CEO Mark Benioff describes the purchase and subsequent merger as a match made in heaven, allowing two companies to work together on shaping the future of enterprise productivity. Once the transaction closes, it will be interesting to see the kind of new solution that emerges.
Twilio Buys Segment
Leading provider of CPaaS communication solutions, Twilio, purchased Segment in October 2020. Segment is a leading customer data platform committed to reducing silos in the business landscape. Both companies, based in San Francisco, are keen users of API technology, which makes it easier for them to consolidate customer data and communication channels.
CEO of Twilio, Jeff Lawson, commented on the acquisition by saying that Segment helps companies to get a more complete picture of their customer. Combined with the Twilio customer engagement platform, Twilio believes Segment can help them to drive more timely and personalized engagement in production, sales, analytics, marketing, and customer service.
Progress Software Acquires Chef
September 2020 saw Progress Software’s announcement that it would be purchasing the infrastructure-as-a-code company Chef for over $220 million. The acquisition, according to Progress Software, aligned perfectly with their strategy for continued growth and development. The company believes that the Chef brand will assist with its ongoing strategy to deliver a more advanced future to the DevSecOps environment.
Although Chef has had some issues maintaining its momentum in the marketplace in recent years, the organisation has been gaining speed once again.
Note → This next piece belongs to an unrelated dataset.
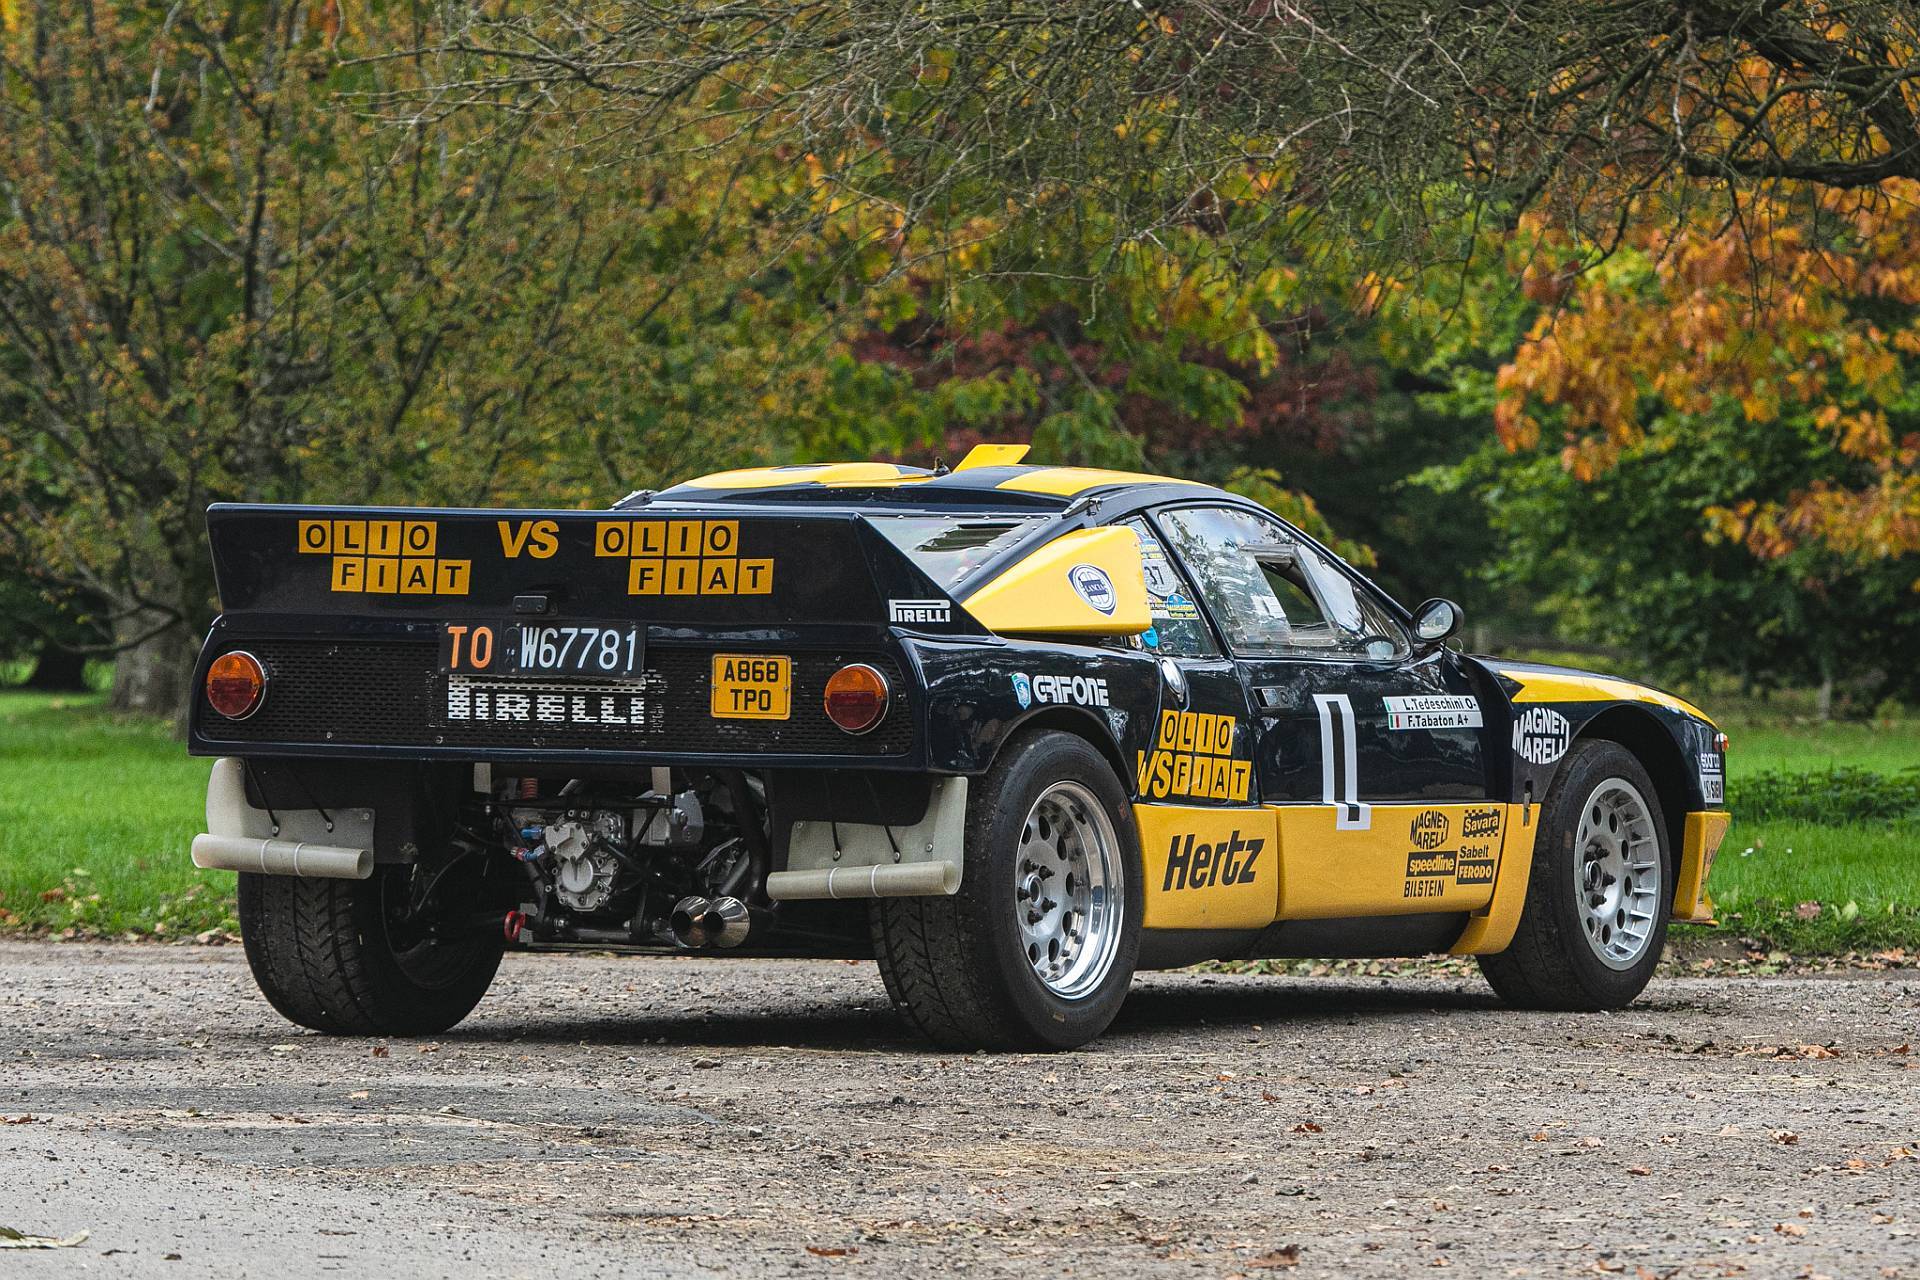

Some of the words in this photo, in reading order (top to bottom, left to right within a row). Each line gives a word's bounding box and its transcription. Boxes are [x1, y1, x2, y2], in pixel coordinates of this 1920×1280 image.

With the new purchase, Progress Software could have what it takes to develop a more competitive tool for the software and DevSecOps environment.
Insight Partners Acquires Veeam
Though a little smaller than some acquisitions from 2020, the decision of Insight Partners to purchase Veeam for $5 billion is still a meaningful one. The purchase followed Insight Partners previously investing $500 million into the cloud data management company in 2019. Veeam is a business responsible for assisting customers with disaster recovery and smart data management.
The deal will come with some major changes in the leadership circle for the combined company, with a new CEO in the form of William H. Largent, previously Veeam’s EVP of Operation. Veeam is currently responsible for supporting around 81% of the Fortune 500 with their business data management needs.
FireEye Buys Respond Software
In one of the most talked-about deals of the year, the intelligence-led security company, FireEye, purchased the investigation automation company Respond Software in 2020. The purchase was finalised at a price of $168 million in stock and cash and aims to deliver new market opportunities for FireEye. Following the purchase, FireEye will be embedding the machine learning tools and Respond Analyst technology of Respond into its ecosystem.
Respond’s cloud-based machine learning service can help to deliver better insights faster, to protect more customers. The companies working together may help to produce a higher level of protection for companies against growing cyber security attacks.